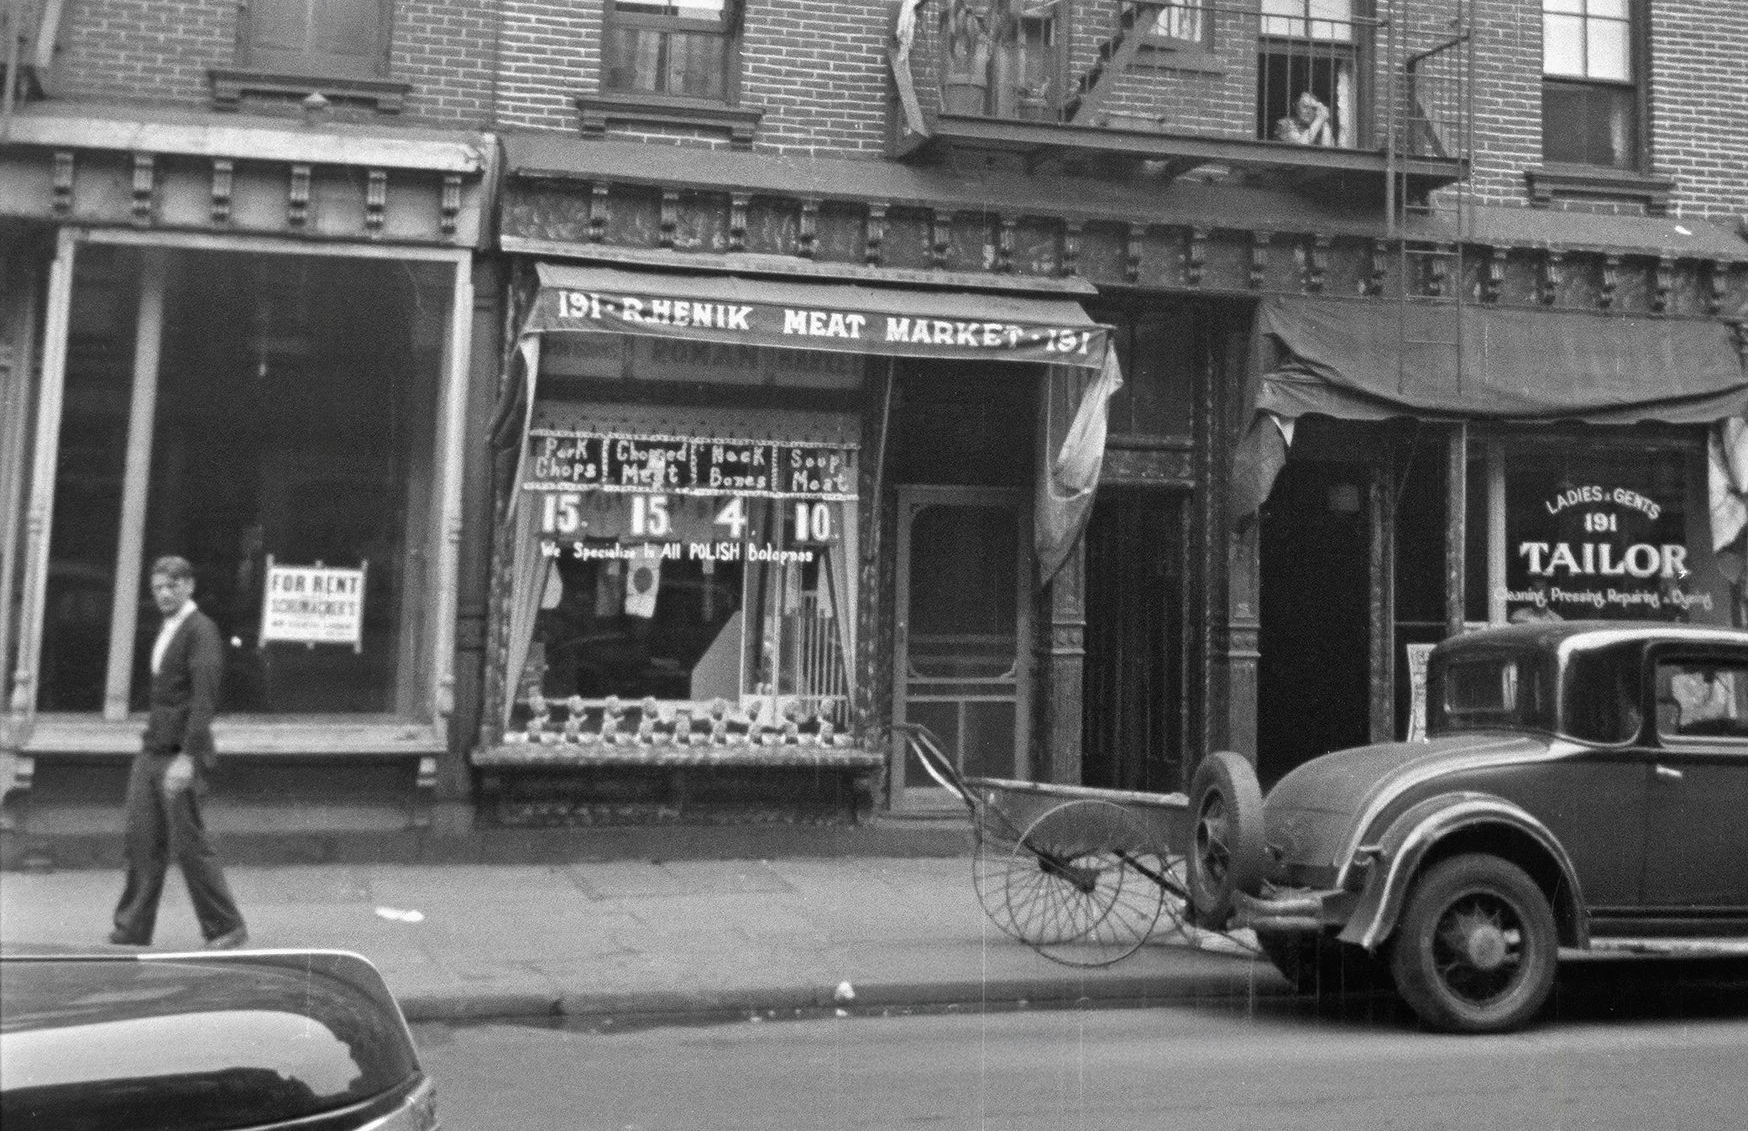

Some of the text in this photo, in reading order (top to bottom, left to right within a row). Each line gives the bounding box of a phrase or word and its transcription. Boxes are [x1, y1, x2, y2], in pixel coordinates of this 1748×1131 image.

[558, 291, 602, 318] 191
[783, 309, 866, 338] MEAT
[885, 318, 1024, 349] MARKET
[1045, 329, 1090, 354] 191
[536, 456, 597, 481] Chops
[791, 448, 839, 474] Soup
[709, 466, 767, 488] Bones
[792, 470, 849, 492] Meat
[1546, 485, 1603, 515] LADIES
[1613, 487, 1661, 520] GENTS
[1584, 512, 1618, 532] 191
[540, 541, 561, 557] We
[659, 542, 681, 560] All
[689, 542, 740, 561] POLISH
[1519, 541, 1690, 578] TAILOR
[272, 574, 357, 594] FOR RENT
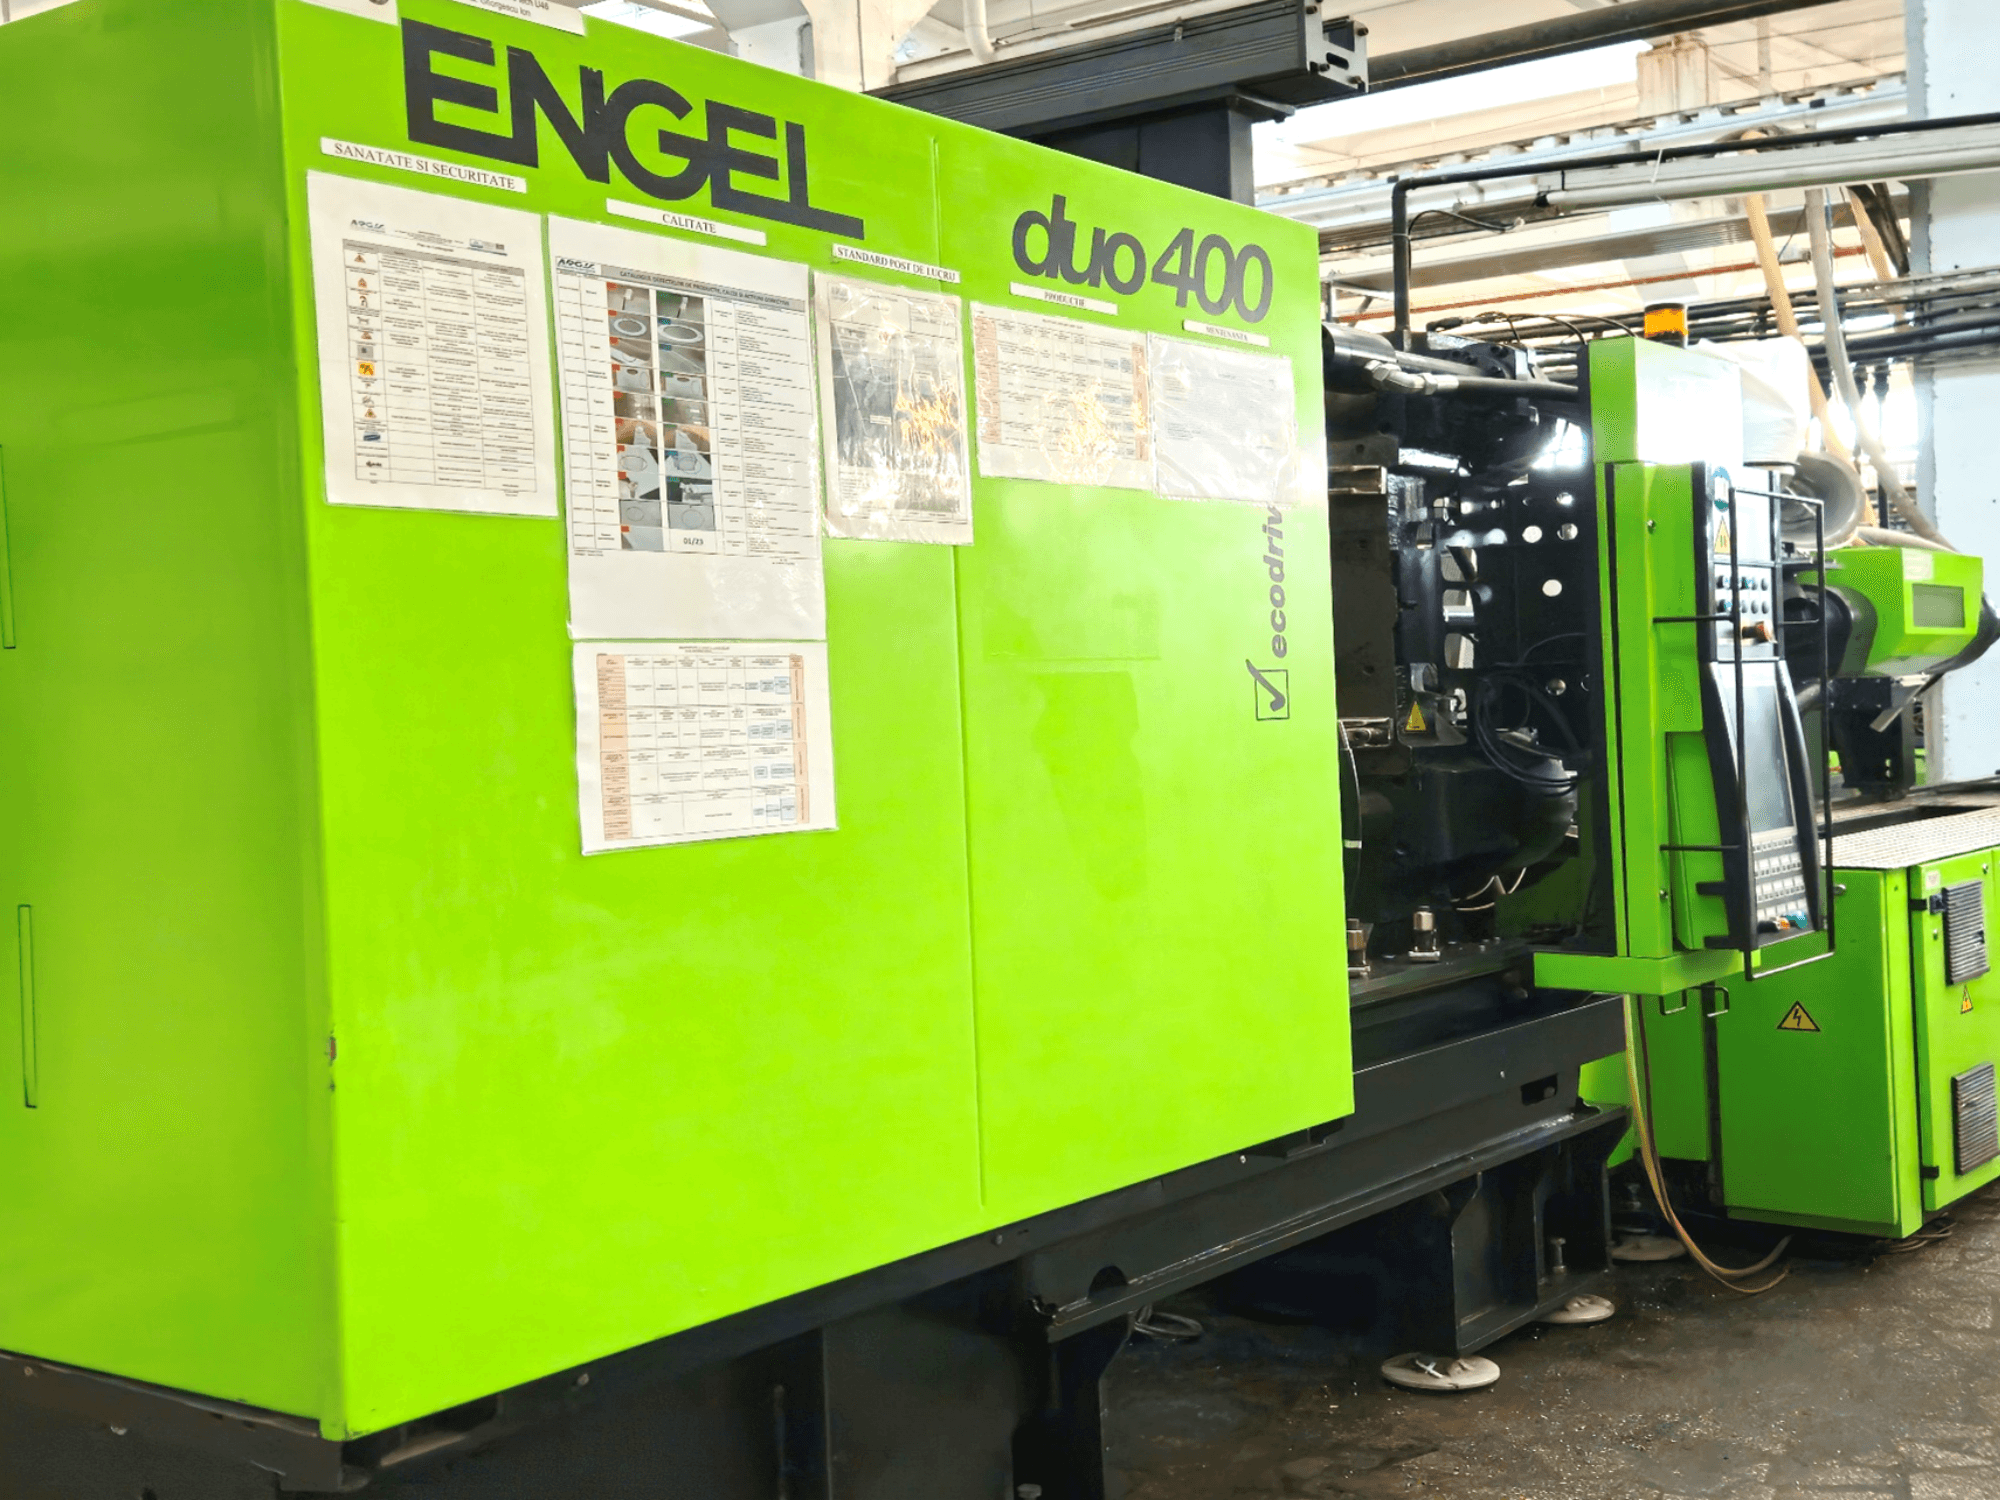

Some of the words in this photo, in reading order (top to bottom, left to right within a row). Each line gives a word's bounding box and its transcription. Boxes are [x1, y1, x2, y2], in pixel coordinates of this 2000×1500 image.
◆ ◆ ◆ ◆ ◆
## Exercise
Give back the entries above exactly as they stand. Leave the images out.

## Solution for this problem
Some of the text in this photo, in reading order (top to bottom, left to right within a row). Each line gives the bounding box of a phrase or word and its transcription. Boxes are [x1, y1, x2, y2], in pixel coordinates of this 1748×1131 image.

[558, 291, 602, 318] 191
[783, 309, 866, 338] MEAT
[885, 318, 1024, 349] MARKET
[1045, 329, 1090, 354] 191
[536, 456, 597, 481] Chops
[791, 448, 839, 474] Soup
[709, 466, 767, 488] Bones
[792, 470, 849, 492] Meat
[1546, 485, 1603, 515] LADIES
[1613, 487, 1661, 520] GENTS
[1584, 512, 1618, 532] 191
[540, 541, 561, 557] We
[659, 542, 681, 560] All
[689, 542, 740, 561] POLISH
[1519, 541, 1690, 578] TAILOR
[272, 574, 357, 594] FOR RENT

Some of the words in this photo, in reading order (top to bottom, left to right within a row). Each line gives a word's bounding box and its transcription. Boxes are [x1, y1, x2, y2], in pixel coordinates of this 2000×1500 image.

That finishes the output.